A spec is brownfield if it has a stable version in main, and no stable TSR suppressions

Same as above, you did not include preview TSR suppressions. So this would suggest that a brownfield spec may have a preview TSR suppression. But this doesn't make sense - why ever suppress TSR for brownfield spec? TSR will just pass for such specs. Hence we may consider blocking such scenarios as "nonsensical". I elaborated on this above.

I think we could thus strengthen this:

A service spec is brownfield if it has a stable version in main, and there exists no suppression in any of the suppressions.yaml files whose path matches to any of API versions of the service.

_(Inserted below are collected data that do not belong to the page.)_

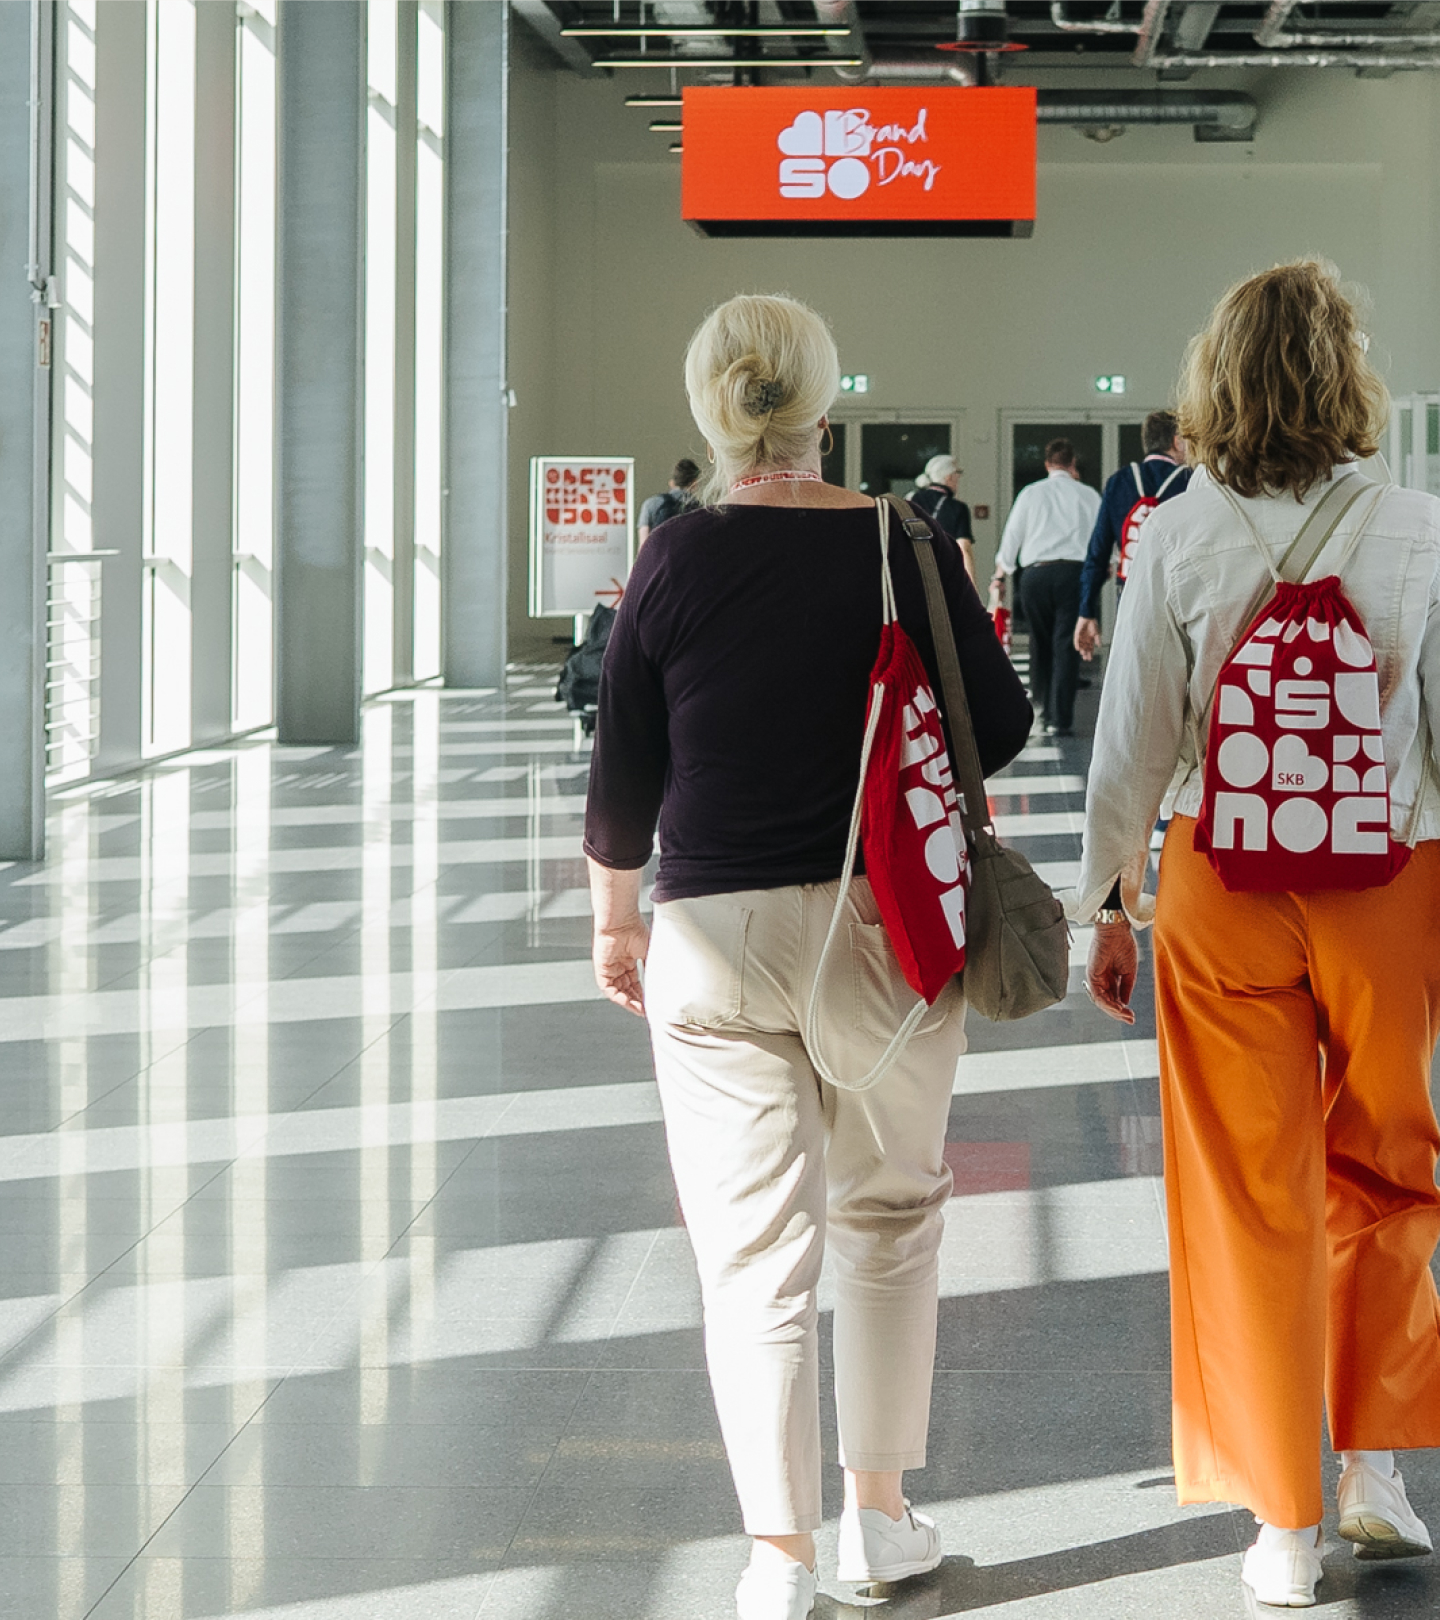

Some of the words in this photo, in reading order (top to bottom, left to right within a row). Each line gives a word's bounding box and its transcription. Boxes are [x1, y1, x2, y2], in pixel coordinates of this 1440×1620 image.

[836, 108, 928, 154] Brand
[870, 147, 941, 191] Day
[1277, 772, 1304, 786] SKB
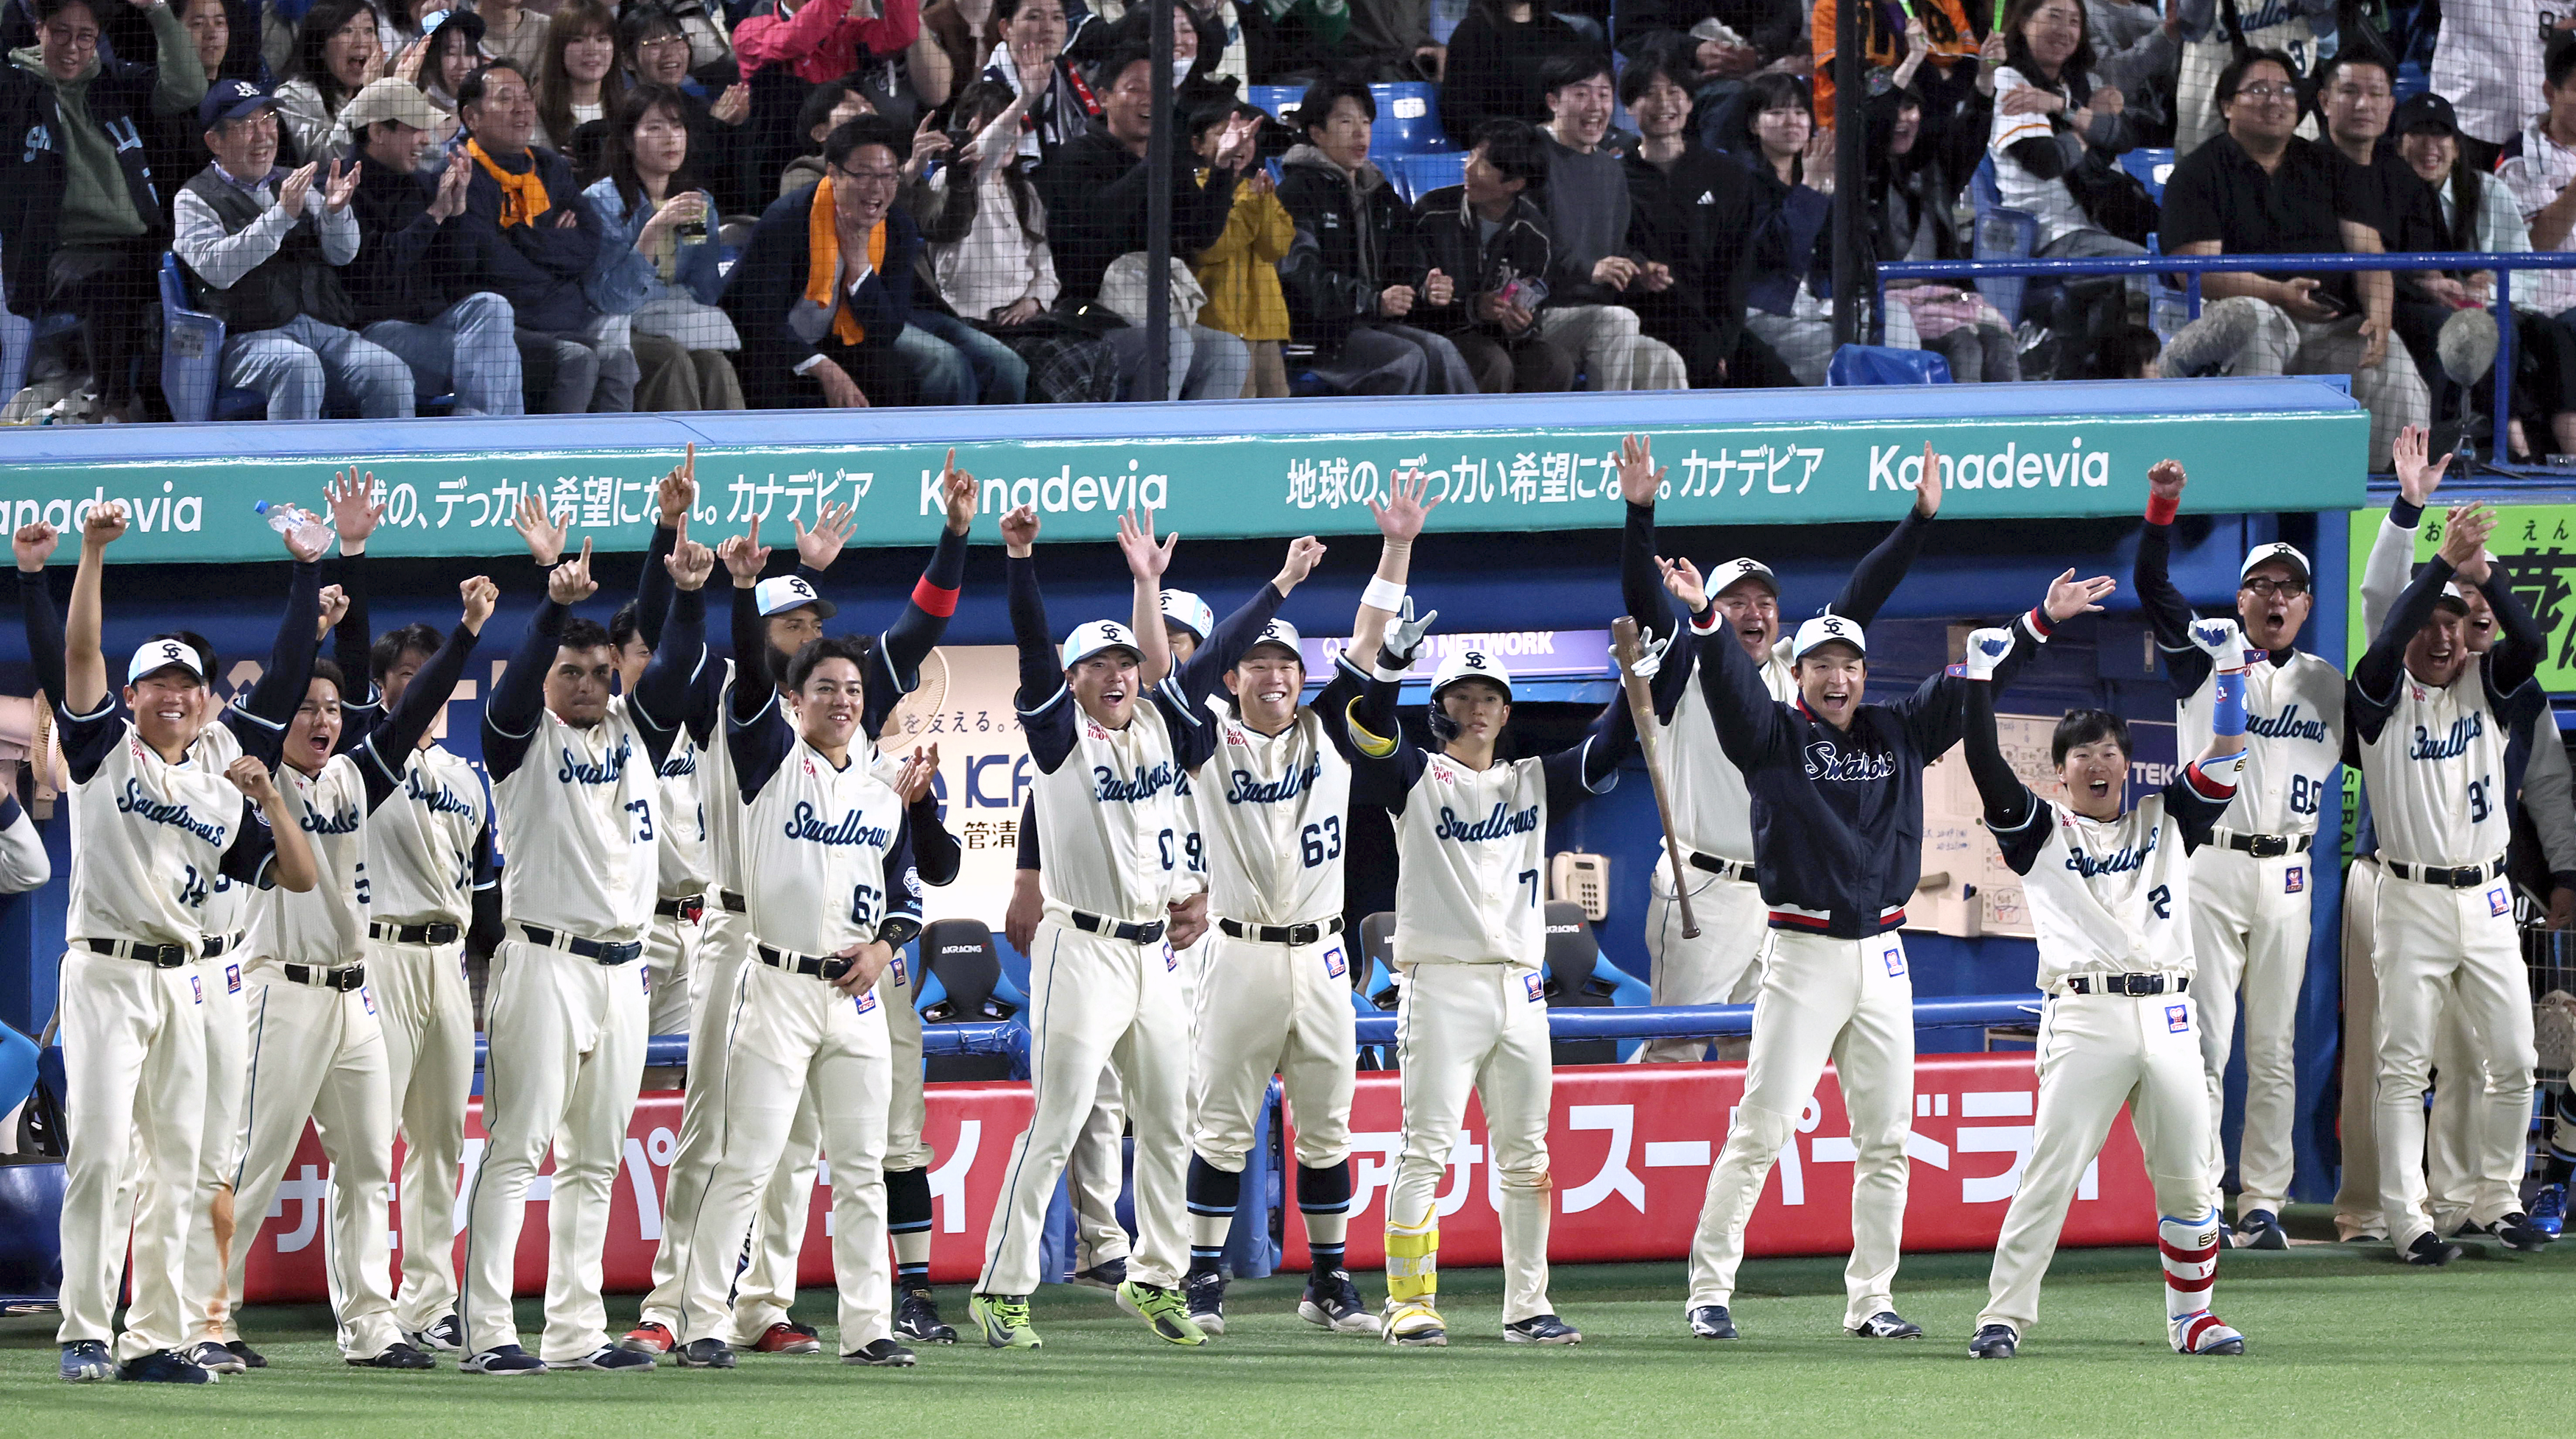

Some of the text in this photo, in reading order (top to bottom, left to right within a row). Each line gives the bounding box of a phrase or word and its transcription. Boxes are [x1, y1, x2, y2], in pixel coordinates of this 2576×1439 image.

[919, 459, 1168, 516] Knadevia
[1437, 632, 1554, 660] NETWORK
[2240, 704, 2327, 743] wallows
[2132, 761, 2179, 786] TEK
[1436, 802, 1539, 842] Swallows
[1185, 832, 1207, 873] 9
[1301, 815, 1340, 869] 63
[1518, 869, 1539, 910] 7
[2147, 884, 2171, 919] 2
[1546, 924, 1580, 934] KRACING
[941, 944, 983, 955] AKRACING
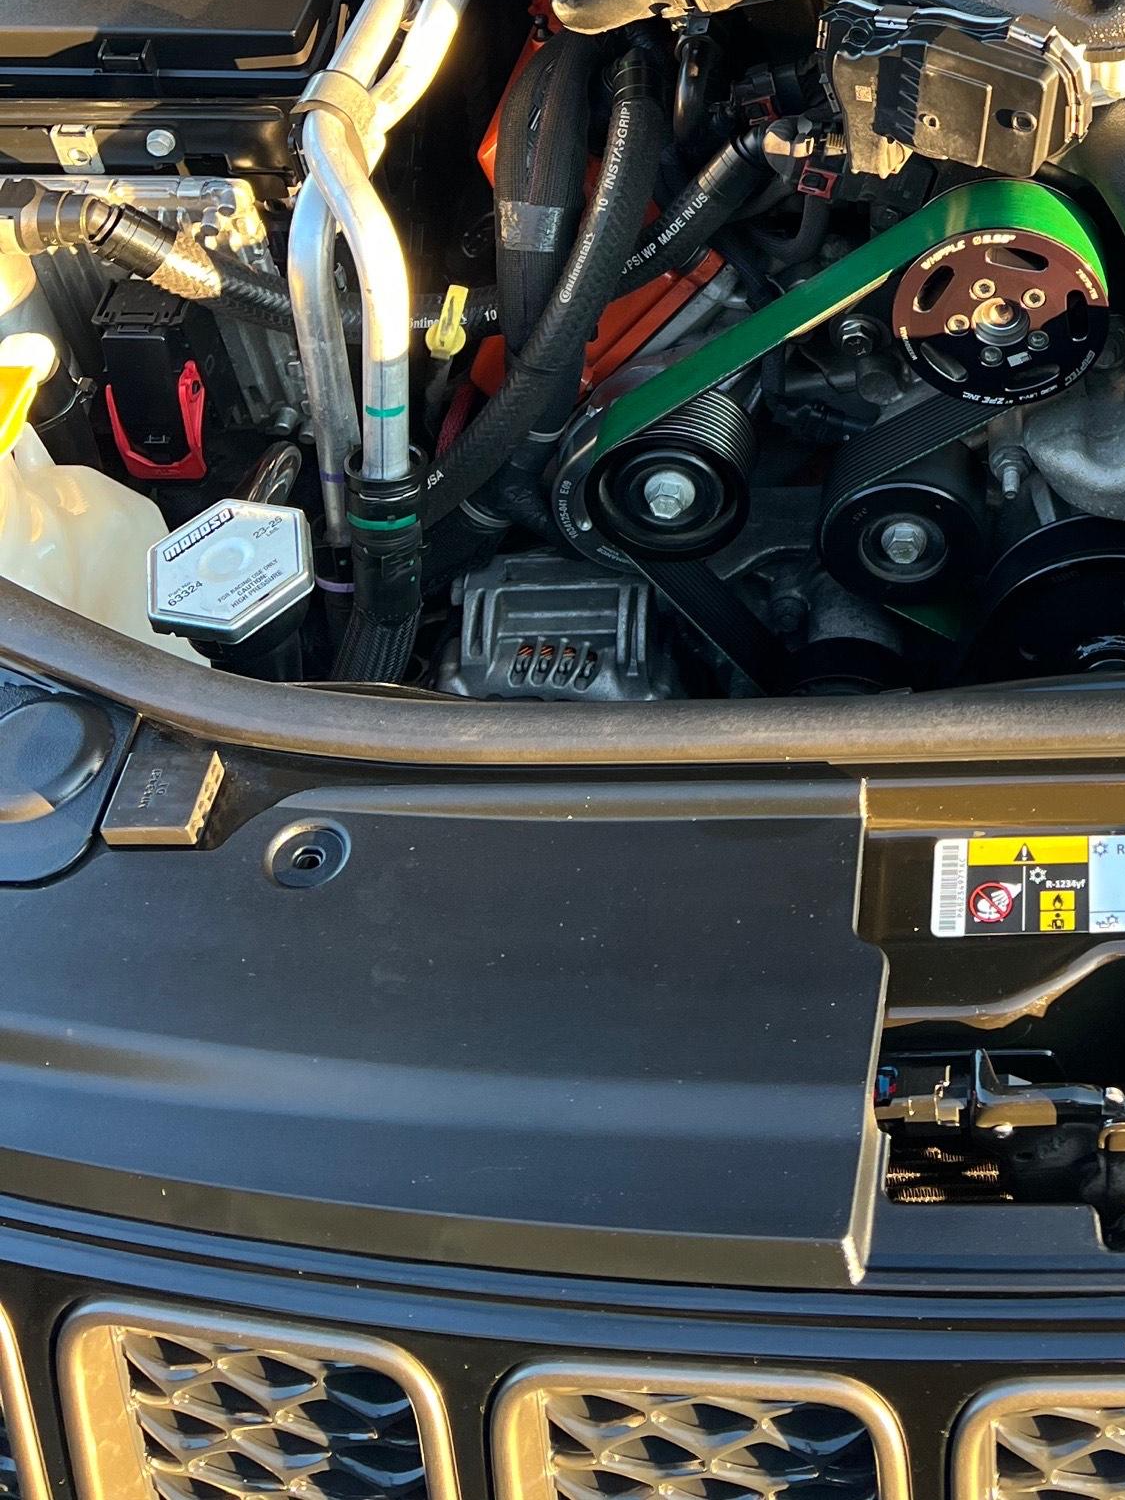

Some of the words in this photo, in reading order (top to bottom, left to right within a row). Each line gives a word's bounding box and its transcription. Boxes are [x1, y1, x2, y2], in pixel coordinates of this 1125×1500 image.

[597, 198, 608, 212] 10
[627, 256, 644, 270] PSI
[641, 242, 656, 262] WP
[658, 216, 686, 246] MADE
[683, 206, 696, 222] IN
[692, 192, 711, 209] US
[484, 309, 498, 322] 10
[163, 508, 235, 562] MOROSO
[168, 580, 204, 607] 63324
[231, 594, 249, 608] HIGH
[247, 569, 284, 597] PRESSURE
[1045, 878, 1086, 889] R-1234yf
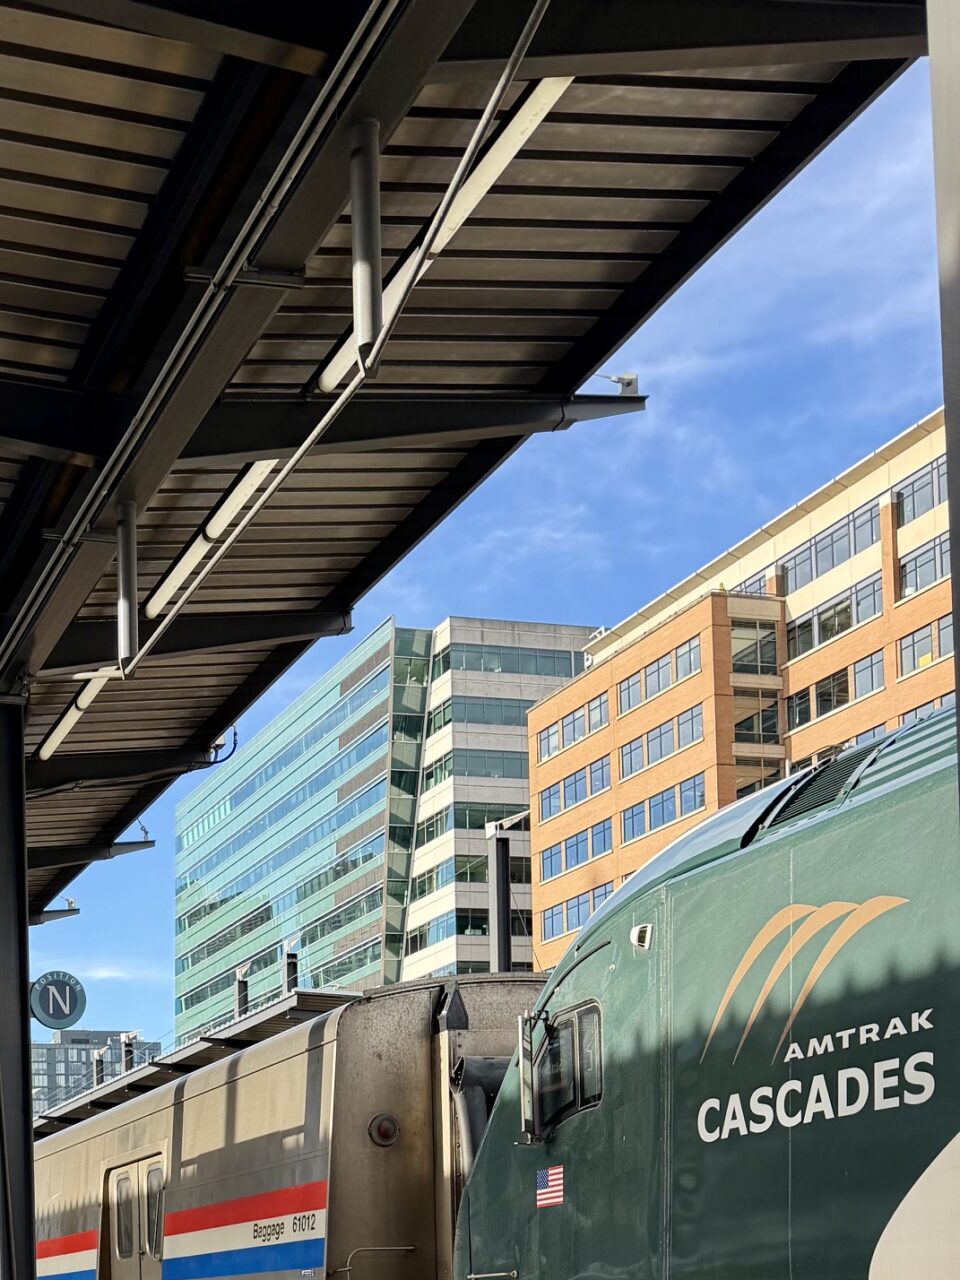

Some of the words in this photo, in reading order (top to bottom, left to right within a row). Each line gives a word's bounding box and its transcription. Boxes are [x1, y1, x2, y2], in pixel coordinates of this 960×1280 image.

[35, 972, 83, 991] POSITION
[47, 985, 70, 1014] N
[783, 1008, 934, 1063] AMTRAK
[697, 1051, 936, 1143] CASCADES
[253, 1222, 285, 1242] Baggage
[292, 1213, 316, 1233] 61012

With this we need a third category of specs that we may want to prevent from happening:

A service spec is invalid, i.e. not brownfield nor greenfield, if it has a stable version in main, and there exists at least one suppression in any of the suppressions.yaml files whose path matches to at least one API version of the service.

So the spec definitions together:

  • A service spec is greenfield if:
    • it has no stable version in main,
    • OR there exists at least one suppression in any of the suppressions.yaml files whose path matches to at least one API version of the service, stable or preview.
  • A service spec is brownfield if:
    • it has a stable version in main,
    • AND there exists no suppression in any of the suppressions.yaml files whose path matches to any of API versions of the service.
  • A service spec is invalid, i.e. not brownfield nor greenfield, if:
    • it has a stable version in main,
    • AND there exists at least one suppression in any of the suppressions.yaml files whose path matches to at least one API version of the service.